Table 13 Two-factor Tukey’s HSD learner results over all datasets
Table 14 Two-factor Tukey’s HSD dataset results over all learners


The importance of reducing Medicare fraud, in particular for individuals 65 and older, is paramount in the United States as the elderly population continues to grow. Medicare is necessary for many citizens, and therefore, the importance placed on quality research into fraud detection to keep healthcare costs fair and reasonable. CMS has made available several Big Data Medicare claims datasets for public use over an ever-increasing number of years. Throughout this work, we provide a unique approach (combining multiple Medicare datasets and leverage state-of-the-art Big Data processing and machine learning approaches) for determining the fraud detection capabilities of three Medicare datasets, individually and combined, using three learners, against real-world fraudulent physicians and other medical providers taken from the LEIE dataset.

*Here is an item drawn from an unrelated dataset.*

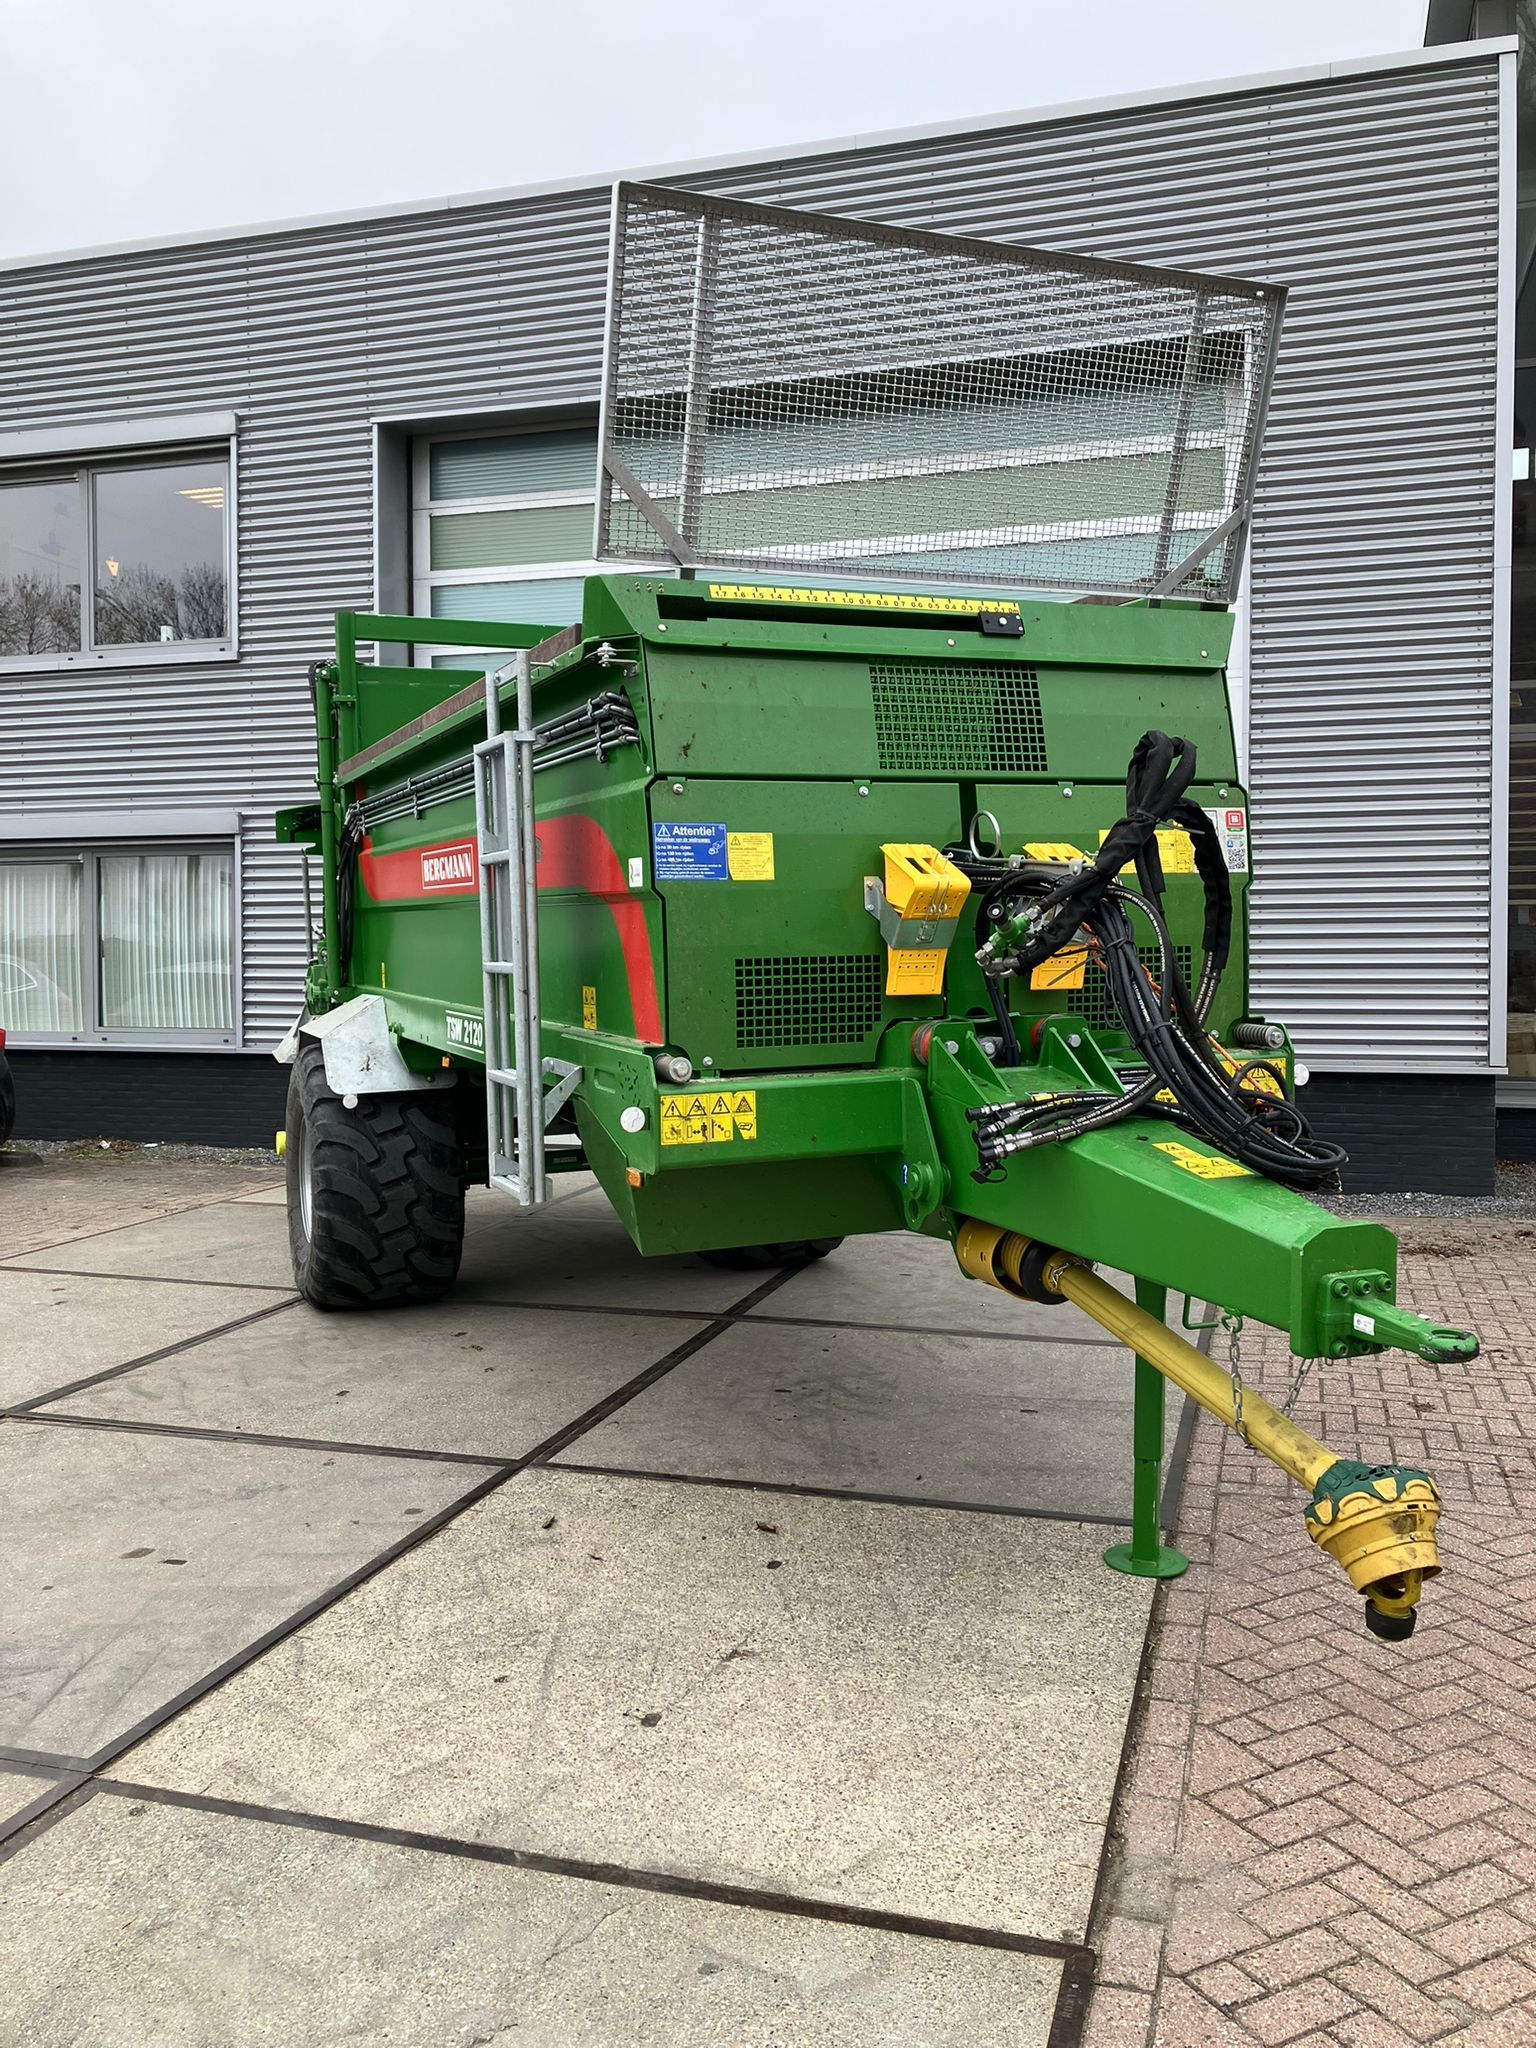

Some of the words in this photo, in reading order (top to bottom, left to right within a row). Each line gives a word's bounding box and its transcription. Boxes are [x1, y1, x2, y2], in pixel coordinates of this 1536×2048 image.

We present our methods for processing each dataset from CMS, the Combined dataset, as well as the mapping of provider fraud labels. We ran experiments on all four datasets: Part B, Part D, DMEPOS, and Combined. Each dataset was considered Big Data, requiring us to employ Spark on top of a Hadoop YARN cluster for running and validating our models. Each dataset was trained and evaluated using three learners: Random Forest, Gradient Boosted Trees and Logistic Regression. The Combined dataset had the best overall fraud detection performance with an AUC of 0.816 using LR, indicating better performance than each of its individual Medicare parts, and scored similarly to Part B with no significant difference in average AUC. The DMEPOS dataset had the lowest overall results for all learners. Therefore, from these experimental findings and observations, coupled with the notion that a physician/provider can commit fraud using any part of Medicare, we show that using the Combined dataset with LR provides the best overall fraud detection performance. Future work will include employing data sampling techniques to combat the imbalanced nature of known fraud events in evaluating the different Medicare datasets.